Applying the test using the p-value to make the conclusion

>>> from pycafee.normalitycheck.andersondarling import AndersonDarling
>>> import scipy.stats as stats
>>> x = stats.norm.rvs(loc=5, scale=3, size=100, random_state=42)
>>> andersondarling_test = AndersonDarling()
>>> result, conclusion = andersondarling_test.fit(x, comparison="p-value")
>>> print(result)
AndersonDarlingResult(Statistic=0.25343395875111696, Critical=None, p_value=0.7268427515457196, Alpha=0.05)
>>> print(conclusion)
Data is Normal at a 95.0% of confidence level.

Applying the test at 1% of significance level

>>> from pycafee.normalitycheck.andersondarling import AndersonDarling
>>> import numpy as np
>>> x = np.array([1.90642, 2.22488, 2.10288, 1.69742, 1.52229, 3.15435, 2.61826, 1.98492, 1.42738, 1.99568])
>>> andersondarling_test = AndersonDarling()
>>> result, conclusion = andersondarling_test.fit(x, alfa=0.01)
>>> print(result)
AndersonDarlingResult(Statistic=0.3416856332675007, Critical=0.95, p_value=None, Alpha=0.01)
>>> print(conclusion)
Data is Normal at a 99.0% of confidence level.

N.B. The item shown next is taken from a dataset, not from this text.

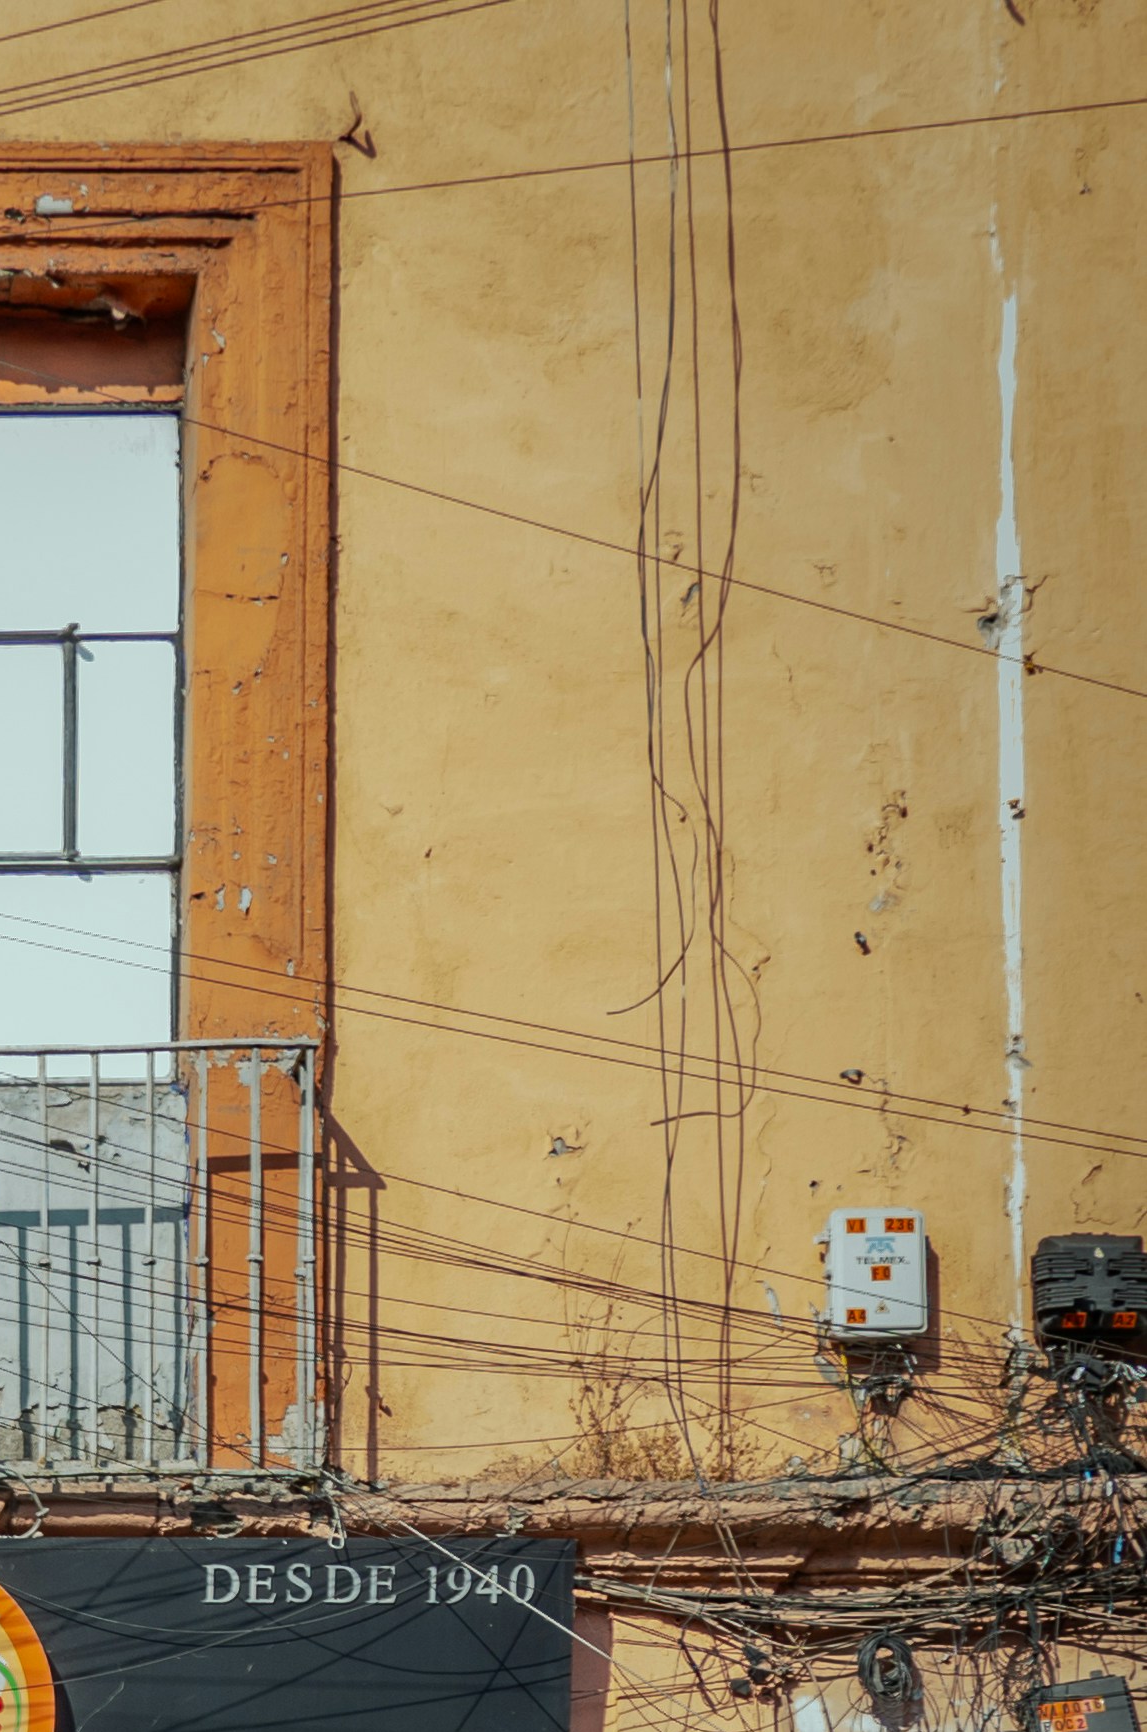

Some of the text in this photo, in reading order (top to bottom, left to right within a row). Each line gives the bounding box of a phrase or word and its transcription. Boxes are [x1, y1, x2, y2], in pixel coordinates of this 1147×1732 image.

[885, 1218, 914, 1230] 236
[201, 1562, 536, 1605] DESDE 1940

Applying the test with a detailed conclusion

>>> from pycafee.normalitycheck.andersondarling import AndersonDarling
>>> import numpy as np
>>> x = np.array([5.1, 4.9, 4.7, 4.6, 5.0, 5.4, 4.6, 5.0, 4.4, 4.9])
>>> andersondarling_test = AndersonDarling()
>>> result, conclusion = andersondarling_test.fit(x, alfa=0.10, details="full")
>>> print(result)
AndersonDarlingResult(Statistic=0.22687861079050364, Critical=0.57, p_value=None, Alpha=0.1)
>>> print(conclusion)
Since the critical value (0.57) >= statistic (0.226), we have NO evidence to reject the hypothesis of data normality, according to the AndersonDarling test at a 90.0% of confidence level.

Applying the test using a not Normal data

>>> from pycafee.normalitycheck.andersondarling import AndersonDarling
>>> import numpy as np
>>> x = np.array([0.8, 1, 1.1, 1.15, 1.15, 1.2, 1.2, 1.2, 1.2, 1.6, 1.8, 2, 2.2, 3, 5, 8.2, 8.4, 8.6, 9])
>>> andersondarling_test = AndersonDarling()
>>> result, conclusion = andersondarling_test.fit(x, alfa=0.10, details="full", comparison='p-value')
>>> print(result)
AndersonDarlingResult(Statistic=2.5532223880710276, Critical=None, p_value=9.992220237231388e-07, Alpha=0.1)
>>> print(conclusion)
Since p-value (0.0) < alpha (0.1), we HAVE evidence to reject the hypothesis of data normality, according to the AndersonDarling test at a 90.0% of confidence level.